Falcón annuì, aprendo la porta.

«In quanto al caso Ortega», riprese Montes, «non attribuisco nessuna colpa ai miei uomini… il che non impedisce che mi sia fatto sentire su come trattare casi del genere in futuro, ma bisogna essere molto sicuri di sé per tener testa a personalità carismatiche come il Juez Calderón.»

«E che hanno la responsabilità di costruire un caso che dia ai fiscales le migliori possibilità di vincere in tribunale», disse Falcón. «Occorre compiere scelte etiche difficilissime e il Juez Calderón è un uomo molto capace.»
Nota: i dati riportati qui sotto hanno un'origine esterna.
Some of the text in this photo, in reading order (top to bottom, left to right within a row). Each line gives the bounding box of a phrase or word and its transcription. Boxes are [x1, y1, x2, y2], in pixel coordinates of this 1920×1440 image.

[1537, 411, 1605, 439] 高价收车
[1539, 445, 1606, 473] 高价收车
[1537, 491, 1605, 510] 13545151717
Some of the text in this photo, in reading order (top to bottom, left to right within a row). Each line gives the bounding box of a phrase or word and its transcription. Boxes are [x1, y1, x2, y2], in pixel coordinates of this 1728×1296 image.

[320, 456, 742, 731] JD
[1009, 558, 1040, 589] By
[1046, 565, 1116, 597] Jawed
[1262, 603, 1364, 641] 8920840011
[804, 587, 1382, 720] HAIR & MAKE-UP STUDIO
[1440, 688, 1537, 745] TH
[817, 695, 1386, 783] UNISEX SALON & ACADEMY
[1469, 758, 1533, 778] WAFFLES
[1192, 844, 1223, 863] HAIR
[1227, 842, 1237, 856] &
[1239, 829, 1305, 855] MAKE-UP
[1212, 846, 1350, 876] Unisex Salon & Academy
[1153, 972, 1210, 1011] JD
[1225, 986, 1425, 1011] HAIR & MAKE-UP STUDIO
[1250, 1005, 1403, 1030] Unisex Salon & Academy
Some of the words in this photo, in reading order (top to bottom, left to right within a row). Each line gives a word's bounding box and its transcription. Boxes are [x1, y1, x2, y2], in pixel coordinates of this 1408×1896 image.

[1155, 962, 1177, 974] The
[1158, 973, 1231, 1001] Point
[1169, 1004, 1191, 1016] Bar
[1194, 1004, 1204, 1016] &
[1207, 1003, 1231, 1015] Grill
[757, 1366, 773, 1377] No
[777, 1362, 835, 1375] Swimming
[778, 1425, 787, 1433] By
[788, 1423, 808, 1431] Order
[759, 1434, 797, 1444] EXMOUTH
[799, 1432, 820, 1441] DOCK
«A lei piace, Inspector Jefe. Non l’avrei mai detto.»

«Ho lavorato con lui solo una volta… sul caso Raúl Jiménez. Ha agito veramente bene in quell’occasione. Ha agito veramente bene con me, quando io non ero in grado di svolgere un’indagine.»

«Il successo cambia le persone», affermò Montes. «Certa gente è destinata a raggiungerlo pienamente, altri, come me, arrivano a un certo punto e poi devono fermarsi, altrimenti impazziscono. Il Juez Calderón non ha ancora quarant’anni e ha già ottenuto successi che altri magistrati non raggiungono in un’intera carriera. È una posizione difficile da mantenere… da superare. Talvolta occorre forzare un pochino le situazioni per conservare alla propria stella tutta la sua lucentezza. La capacità di giudizio può essere influenzata dall’ambizione e si possono commettere errori. Le persone così, quando cadono, si fanno molto male. Lo sa perché, Inspector Jefe?»

«Perché agli altri piace vederle andare in pezzi», rispose Falcón.

«Credo che siano in molti ad aspettare proprio questo», disse Montes.